> Required work:
Only the lines from the one containing "this 1667×1667 image." through the final line of the entries below are wanted, each copied exactly.

Text-to-region grounding data
☆ ☆ ☆ ☆
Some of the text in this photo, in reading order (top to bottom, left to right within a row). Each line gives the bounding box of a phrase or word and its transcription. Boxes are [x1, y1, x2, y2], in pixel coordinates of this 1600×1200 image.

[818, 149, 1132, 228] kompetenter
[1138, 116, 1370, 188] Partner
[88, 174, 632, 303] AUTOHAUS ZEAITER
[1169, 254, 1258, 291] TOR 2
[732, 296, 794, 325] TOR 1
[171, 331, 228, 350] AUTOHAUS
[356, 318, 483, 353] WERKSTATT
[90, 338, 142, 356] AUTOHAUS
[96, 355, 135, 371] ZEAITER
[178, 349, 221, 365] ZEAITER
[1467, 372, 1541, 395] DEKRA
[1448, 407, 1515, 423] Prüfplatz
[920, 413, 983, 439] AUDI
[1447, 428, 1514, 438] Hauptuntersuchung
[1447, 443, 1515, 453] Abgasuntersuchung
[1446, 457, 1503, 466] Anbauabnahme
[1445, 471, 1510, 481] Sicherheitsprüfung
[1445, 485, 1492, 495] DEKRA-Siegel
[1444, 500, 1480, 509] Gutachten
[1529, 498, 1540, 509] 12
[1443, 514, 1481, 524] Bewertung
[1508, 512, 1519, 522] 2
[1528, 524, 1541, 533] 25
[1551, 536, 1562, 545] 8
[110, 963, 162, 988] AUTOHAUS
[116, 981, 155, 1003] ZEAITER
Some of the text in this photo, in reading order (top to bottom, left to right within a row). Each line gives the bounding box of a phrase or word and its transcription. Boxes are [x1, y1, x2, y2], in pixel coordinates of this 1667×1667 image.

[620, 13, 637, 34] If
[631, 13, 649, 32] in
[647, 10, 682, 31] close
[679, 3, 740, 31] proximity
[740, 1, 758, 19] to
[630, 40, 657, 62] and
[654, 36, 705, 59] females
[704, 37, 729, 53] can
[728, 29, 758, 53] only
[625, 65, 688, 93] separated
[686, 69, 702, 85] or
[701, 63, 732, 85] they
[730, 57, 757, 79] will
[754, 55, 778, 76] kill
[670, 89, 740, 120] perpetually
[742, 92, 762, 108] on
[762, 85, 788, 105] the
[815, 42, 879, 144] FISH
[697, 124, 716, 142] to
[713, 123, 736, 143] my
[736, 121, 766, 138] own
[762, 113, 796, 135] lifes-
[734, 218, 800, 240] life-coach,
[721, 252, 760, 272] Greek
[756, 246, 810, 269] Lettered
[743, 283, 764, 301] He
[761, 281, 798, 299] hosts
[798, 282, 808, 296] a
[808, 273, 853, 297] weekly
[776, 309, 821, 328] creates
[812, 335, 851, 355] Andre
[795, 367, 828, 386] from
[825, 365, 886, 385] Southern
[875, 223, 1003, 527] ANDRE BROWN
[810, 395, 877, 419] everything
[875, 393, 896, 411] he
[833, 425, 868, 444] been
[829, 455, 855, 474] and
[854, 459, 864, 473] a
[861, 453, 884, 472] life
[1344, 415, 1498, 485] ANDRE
☆ ☆ ☆ ☆
> Solution to this problem:
Some of the text in this photo, in reading order (top to bottom, left to right within a row). Each line gives the bounding box of a phrase or word and its transcription. Boxes are [x1, y1, x2, y2], in pixel coordinates of this 1667×1667 image.

[620, 13, 637, 34] If
[631, 13, 649, 32] in
[647, 10, 682, 31] close
[679, 3, 740, 31] proximity
[740, 1, 758, 19] to
[630, 40, 657, 62] and
[654, 36, 705, 59] females
[704, 37, 729, 53] can
[728, 29, 758, 53] only
[625, 65, 688, 93] separated
[686, 69, 702, 85] or
[701, 63, 732, 85] they
[730, 57, 757, 79] will
[754, 55, 778, 76] kill
[670, 89, 740, 120] perpetually
[742, 92, 762, 108] on
[762, 85, 788, 105] the
[815, 42, 879, 144] FISH
[697, 124, 716, 142] to
[713, 123, 736, 143] my
[736, 121, 766, 138] own
[762, 113, 796, 135] lifes-
[734, 218, 800, 240] life-coach,
[721, 252, 760, 272] Greek
[756, 246, 810, 269] Lettered
[743, 283, 764, 301] He
[761, 281, 798, 299] hosts
[798, 282, 808, 296] a
[808, 273, 853, 297] weekly
[776, 309, 821, 328] creates
[812, 335, 851, 355] Andre
[795, 367, 828, 386] from
[825, 365, 886, 385] Southern
[875, 223, 1003, 527] ANDRE BROWN
[810, 395, 877, 419] everything
[875, 393, 896, 411] he
[833, 425, 868, 444] been
[829, 455, 855, 474] and
[854, 459, 864, 473] a
[861, 453, 884, 472] life
[1344, 415, 1498, 485] ANDRE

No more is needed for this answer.